With solid control, Roa flashes real upside with two above-average pitches, a plus pitch, and an average pitch coming from a big-bodied frame. But he’s battled some consistency along the way in college, and he’s got a short track record of starting, too. That leaves open some concern that he may be a bullpen guy because he’s never really shown that he can start for a full season, carry the stuff all the way through, or pitch deep into games. But all of the pieces are there for a starting pitcher, and if the stuff can hold up and keep developing, this could be a steal down the road for Cincinnati.
Christian Roa on being drafted by the Reds
“You know, I wasn’t necessarily expecting anything. I was just kind of watching (the draft) as it went and was very excited when my name was called for Cincinnati, for sure,” said Christian Roa on being selected on Thursday night.
“It’s always disappointing when you can’t finish the season, especially with your teammates and at a school like A&M, you always wish you can finish out a season. Obviously this situation is bigger than baseball, a lot bigger than ourselves, so I was definitely sad that I couldn’t finish the season with A&M but in the end it turned out ok. ”
“I’ve done my research with the Reds and know that they’re good at developing pitchers, they take guys in and are very analytical and very observant in the way that they take guys in and kind of develop them,” said Roa. “It’s very exciting to come into an organization that does such a great job developing pitchers and has such great information on developing pitchers.”

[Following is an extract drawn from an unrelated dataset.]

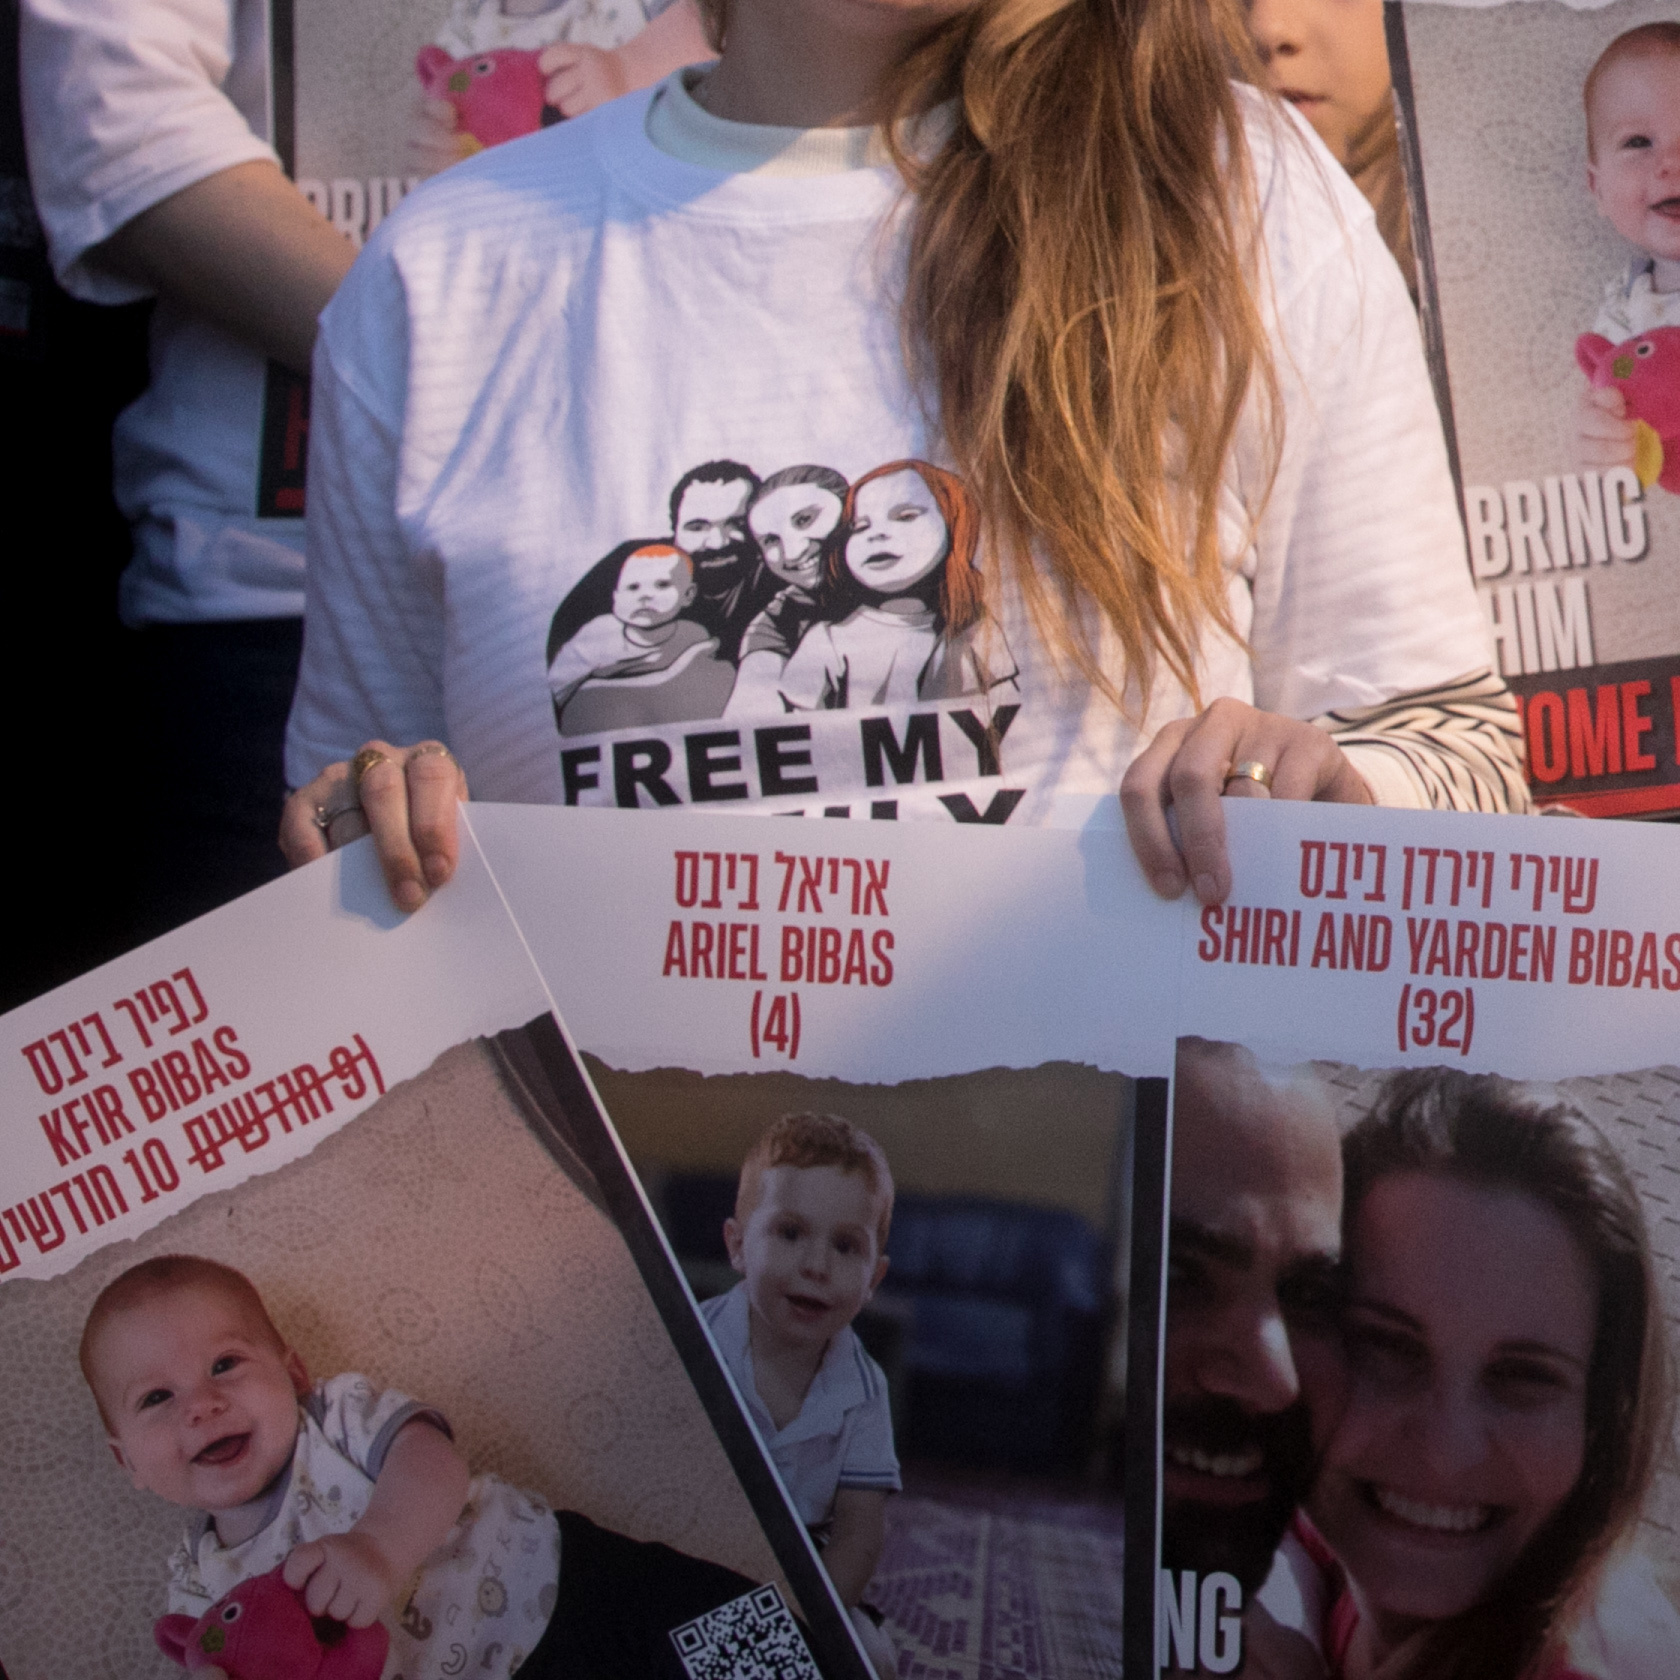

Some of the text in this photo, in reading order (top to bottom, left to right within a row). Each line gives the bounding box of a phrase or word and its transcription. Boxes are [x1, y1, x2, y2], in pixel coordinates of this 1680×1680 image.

“The pandemic, you have to look at the good and the bad things about it. The good thing about it is we got a lot of time to develop. Spent a lot of time in the weight room, throwing, working on mechanics and things like that,” said Roa. “In that aspect if you’re trying to take a positive out of the pandemic, having all of that extra time to develop, be in the weight room and things like that was something that was beneficial to me. I was able to slow things down and really focus on my body and transitioning into this professional career.”
“I’d describe myself as a combination pitcher of command and stuff. Early in my college career I was more of a command pitcher where I had to really learn to command my different pitches, throw my fastball in-out-up-down in the zone,” Roa said about how he pitched in college. “Later in my college career the stuff came along, I got a little bit stronger and started throwing a little harder and so it’s just a combination of being able to have really good stuff and being able to command it.”
“Early in college I kind of learned that there’s a quote ‘Don’t expect results for the work you didn’t put in’ and so that was something that early on just kind of stuck with me. If you want to be successful at something you really have to put the work in and there’s no shortcuts in life and there’s no excuses you can make if you want to be successful at something. Nothing more than being blessed with extremely great coaches that have cultivated the product I am today with a lot of hard work, sweat and blood.”